Movistar Plus Rides Tide of Spanish TV Renaissance

Few major TV players have launched into high-end drama production so quickly, or on such a scale, as Telefonica’s Spanish pay-TV unit Movistar Plus. Its first series, “Velvet Collection,” bowed on Movistar Plus on Sept. 22 to the largest average viewership of any series on the service, beating even “Game of Thrones.” Its flagship series “The Plague,” and “La Zona” now feature as Intl. Screenings at Mipcom where Domingo Corral, Movistar Plus director of original fiction, will deliver a keynote. Beta, which sells “The Zona” and “Velvet Collection” among four Spanish series, will celebrate with “The Art of Spain” dinner.

How Movistar Plus series can appeal in a highly competitive foreign-language TV market is another question. One simple answer is that, in terms of originality, and in more ways than one, Movistar Plus brings Spain to the big-budget series table.

Movistar Plus has set out to create series with full-on appeal to both domestic viewers and international audiences, says Ismael Calleja Baldominos, Movistar Plus head of business affairs.

The series display a “marked local character, which makes them different.”

That includes the settings, whether it’s the Pyrenees in “Felix,” Madrid’s Rastro market in “Giants,” the mountains of Asturias in the North (“La Zona”) or 16th century Seville (“The Plague”), adds Calleja.

“What we liked about ‘Giants’ is that it’s very Spanish — the old Madrid Andalusia. We’d be less interested in a Spanish series that tried to copy Nordic noir or a U.S. action show,” says Emmanuelle Guilbart at Paris-based About Premium Content, which is selling “Giants.”

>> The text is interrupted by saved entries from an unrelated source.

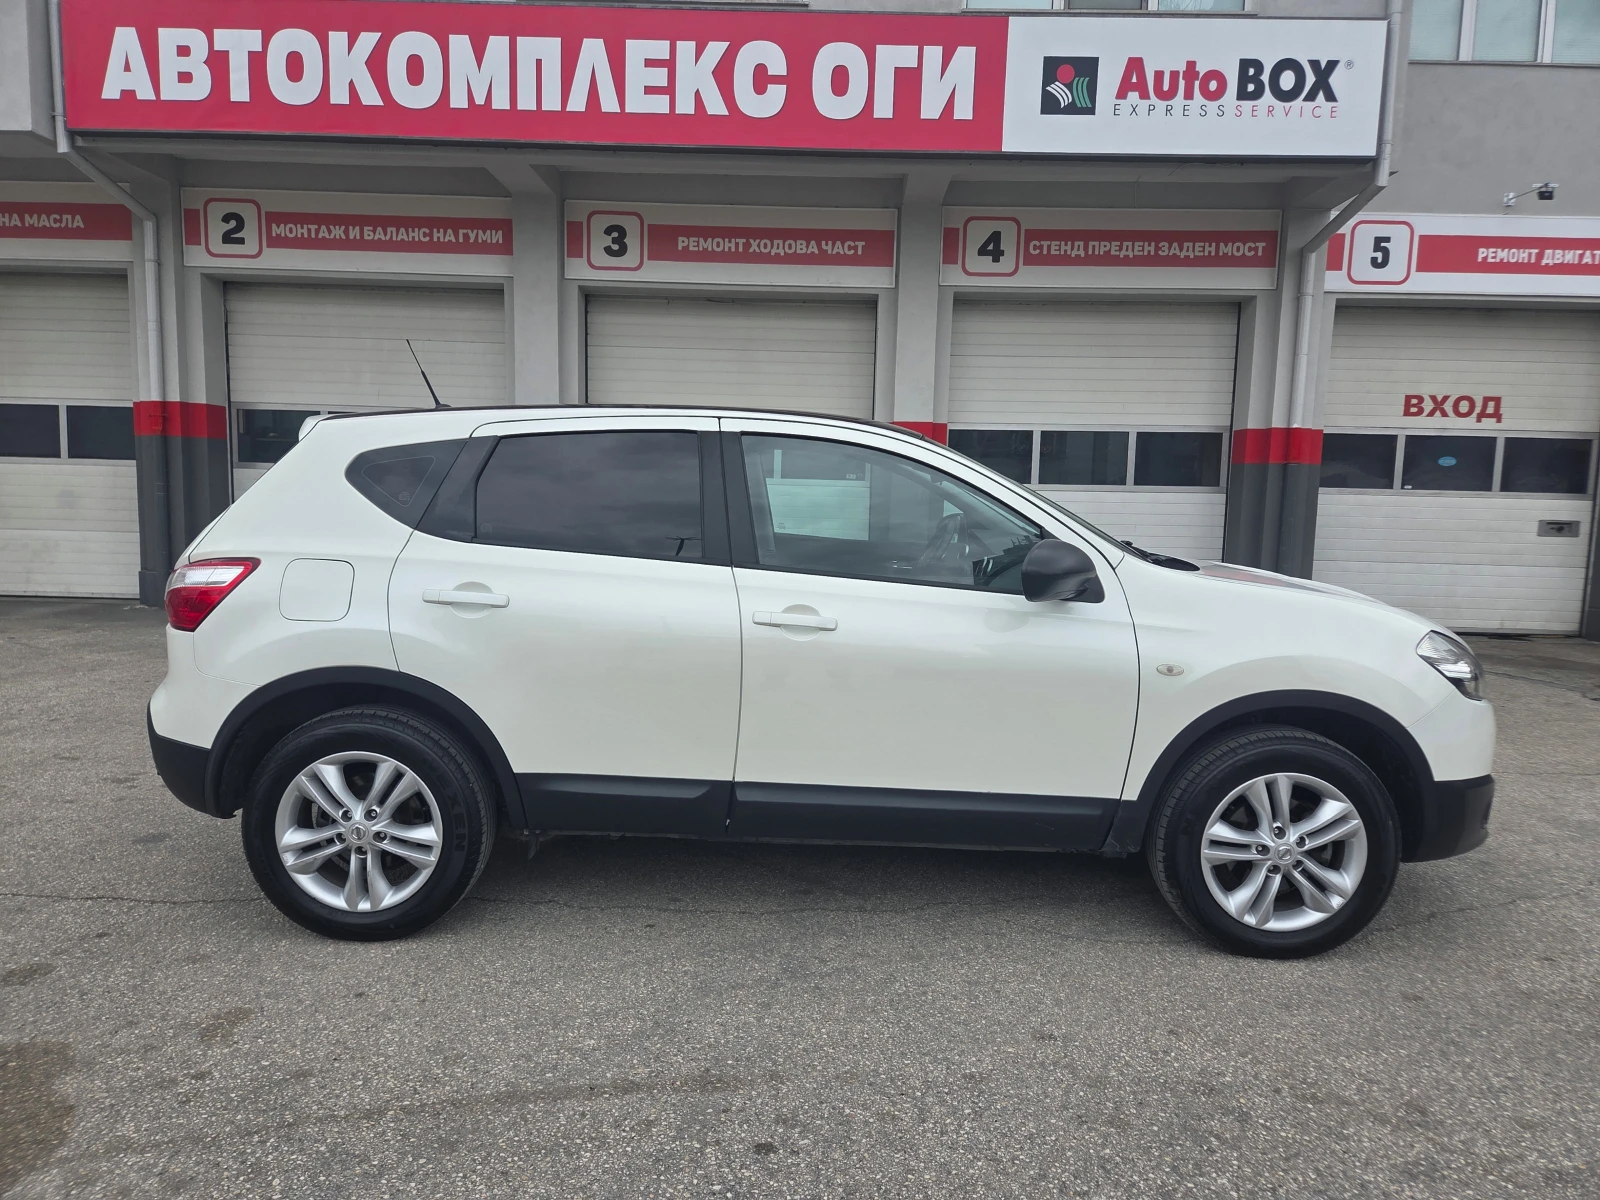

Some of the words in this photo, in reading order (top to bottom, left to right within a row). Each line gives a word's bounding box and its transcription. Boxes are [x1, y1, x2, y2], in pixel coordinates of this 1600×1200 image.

[101, 26, 788, 118] АВТОКОМПЛЕКС
[812, 42, 977, 121] ОГИ
[1114, 56, 1228, 102] Auto
[1236, 57, 1341, 103] BOX
[0, 213, 22, 227] НА
[24, 213, 85, 228] МАСЛА
[220, 212, 246, 245] 2
[271, 223, 346, 239] МОНТАЖ
[349, 226, 361, 239] И
[363, 226, 430, 242] БАЛАНС
[433, 228, 456, 242] НА
[459, 228, 503, 244] ГУМИ
[603, 224, 628, 258] 3
[678, 236, 746, 252] РЕМОНТ
[749, 238, 819, 256] ХОДОВА
[821, 241, 865, 255] ЧАСТ
[977, 230, 1005, 263] 4
[1029, 240, 1085, 258] СТЕНД
[1088, 241, 1155, 258] ПРЕДЕН
[1158, 242, 1216, 258] ЗАДЕН
[1219, 242, 1266, 256] МОСТ
[1370, 236, 1391, 269] 5
[1477, 247, 1539, 263] РЕМОНТ
[1541, 249, 1600, 266] ДВИГАТ
[1402, 394, 1503, 423] ВХОД

While most Movistar Plus series have recognizable narrative formats, whether the detective dramas of “The Plague” and “La Zona,” the disappearing person suspense of “Felix” or aping the comic sensibilities of “Curb Your Enthusiasm” in sitcom “Spanish Shame,” the singularity of setting gives them a bracing originality, says Jason Simms, director of drama/comedy at Sky Vision, which is selling “The Plague.”

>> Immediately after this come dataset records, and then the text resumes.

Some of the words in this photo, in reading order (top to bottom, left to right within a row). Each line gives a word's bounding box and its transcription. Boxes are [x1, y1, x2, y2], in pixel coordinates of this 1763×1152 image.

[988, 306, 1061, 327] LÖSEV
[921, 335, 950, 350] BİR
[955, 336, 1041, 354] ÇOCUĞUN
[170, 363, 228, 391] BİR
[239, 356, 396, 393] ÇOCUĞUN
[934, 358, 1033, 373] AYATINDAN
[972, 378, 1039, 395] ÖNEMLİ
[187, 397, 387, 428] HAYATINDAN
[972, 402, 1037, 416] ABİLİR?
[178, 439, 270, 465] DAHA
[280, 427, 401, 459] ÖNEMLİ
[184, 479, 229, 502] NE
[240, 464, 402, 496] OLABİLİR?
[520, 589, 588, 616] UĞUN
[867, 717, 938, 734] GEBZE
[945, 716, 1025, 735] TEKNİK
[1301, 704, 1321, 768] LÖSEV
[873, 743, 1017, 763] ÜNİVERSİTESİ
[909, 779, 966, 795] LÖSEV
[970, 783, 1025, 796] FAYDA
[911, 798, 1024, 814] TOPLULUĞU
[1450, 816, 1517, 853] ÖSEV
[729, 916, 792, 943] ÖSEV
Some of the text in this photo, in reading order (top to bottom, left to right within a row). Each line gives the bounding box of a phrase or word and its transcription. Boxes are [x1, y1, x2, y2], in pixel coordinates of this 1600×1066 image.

“It’s great to see a detective show playing out in a world that hasn’t been treated in this way before. That is fantastically unique,” he says. “ ‘Narcos’ and ‘The Bridge’ also represented a world in a way that hadn’t necessarily been seen before. ‘The Plague’ fits in the same wheelhouse in terms of storytelling.”

Crucial in such a mix is a third element, however: Character.

Local detail would be a drawback, Calleja says, if it were not for the series’ “carefully written characters. When characters feel, live, generate emotions, that’s very human.”

And since humanity is much more similar than is often acknowledged, the result is series that are also “international,” Calleja adds.

One example: In “La Zona,” it is the portrait of the investigating police detective, the only on-the-scene survivor from the nuclear plant meltdown, his despair at the loss of his family and tentative attempts at rebuilding his life that really hits home in the early stretches of the drama.

The originality of setting would be restrained if it were not, however, for Movistar Plus’ financing muscle. “The Plague,” for example, is budgeted at €10 million ($12 million) for six episodes, three times Spanish series’ average cost.

Movistar Plus also brings Spain to the table in other ways. There’s the above-the-line talent.

“Movistar Plus has a real ambition to spend the necessary time and budget to develop ambitious fiction series and work with the best Spanish talent,” says Guilbart.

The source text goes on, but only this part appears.